**DATA EXTRACTS**
--- START ---
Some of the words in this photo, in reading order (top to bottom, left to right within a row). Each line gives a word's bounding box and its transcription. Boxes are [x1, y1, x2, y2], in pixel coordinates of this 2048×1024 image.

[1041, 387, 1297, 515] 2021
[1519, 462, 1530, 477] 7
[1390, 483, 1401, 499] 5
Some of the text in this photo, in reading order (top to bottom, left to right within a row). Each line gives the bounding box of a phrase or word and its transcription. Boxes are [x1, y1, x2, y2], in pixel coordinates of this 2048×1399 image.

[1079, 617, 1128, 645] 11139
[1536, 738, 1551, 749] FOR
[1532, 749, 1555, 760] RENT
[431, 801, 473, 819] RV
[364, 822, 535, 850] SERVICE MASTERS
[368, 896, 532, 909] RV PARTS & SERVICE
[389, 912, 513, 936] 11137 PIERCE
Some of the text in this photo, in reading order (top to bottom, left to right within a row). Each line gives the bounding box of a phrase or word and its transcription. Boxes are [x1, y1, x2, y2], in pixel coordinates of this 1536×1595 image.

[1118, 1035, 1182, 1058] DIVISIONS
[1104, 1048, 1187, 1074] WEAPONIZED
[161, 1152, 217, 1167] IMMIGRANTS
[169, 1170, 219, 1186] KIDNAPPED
--- END ---
**THE PROBLEM**
Extract each record, keeping it identical to the original.

**SOLVED PROBLEM**
Some of the words in this photo, in reading order (top to bottom, left to right within a row). Each line gives a word's bounding box and its transcription. Boxes are [x1, y1, x2, y2], in pixel coordinates of this 2048×1024 image.

[1041, 387, 1297, 515] 2021
[1519, 462, 1530, 477] 7
[1390, 483, 1401, 499] 5
Some of the text in this photo, in reading order (top to bottom, left to right within a row). Each line gives the bounding box of a phrase or word and its transcription. Boxes are [x1, y1, x2, y2], in pixel coordinates of this 2048×1399 image.

[1079, 617, 1128, 645] 11139
[1536, 738, 1551, 749] FOR
[1532, 749, 1555, 760] RENT
[431, 801, 473, 819] RV
[364, 822, 535, 850] SERVICE MASTERS
[368, 896, 532, 909] RV PARTS & SERVICE
[389, 912, 513, 936] 11137 PIERCE
Some of the text in this photo, in reading order (top to bottom, left to right within a row). Each line gives the bounding box of a phrase or word and its transcription. Boxes are [x1, y1, x2, y2], in pixel coordinates of this 1536×1595 image.

[1118, 1035, 1182, 1058] DIVISIONS
[1104, 1048, 1187, 1074] WEAPONIZED
[161, 1152, 217, 1167] IMMIGRANTS
[169, 1170, 219, 1186] KIDNAPPED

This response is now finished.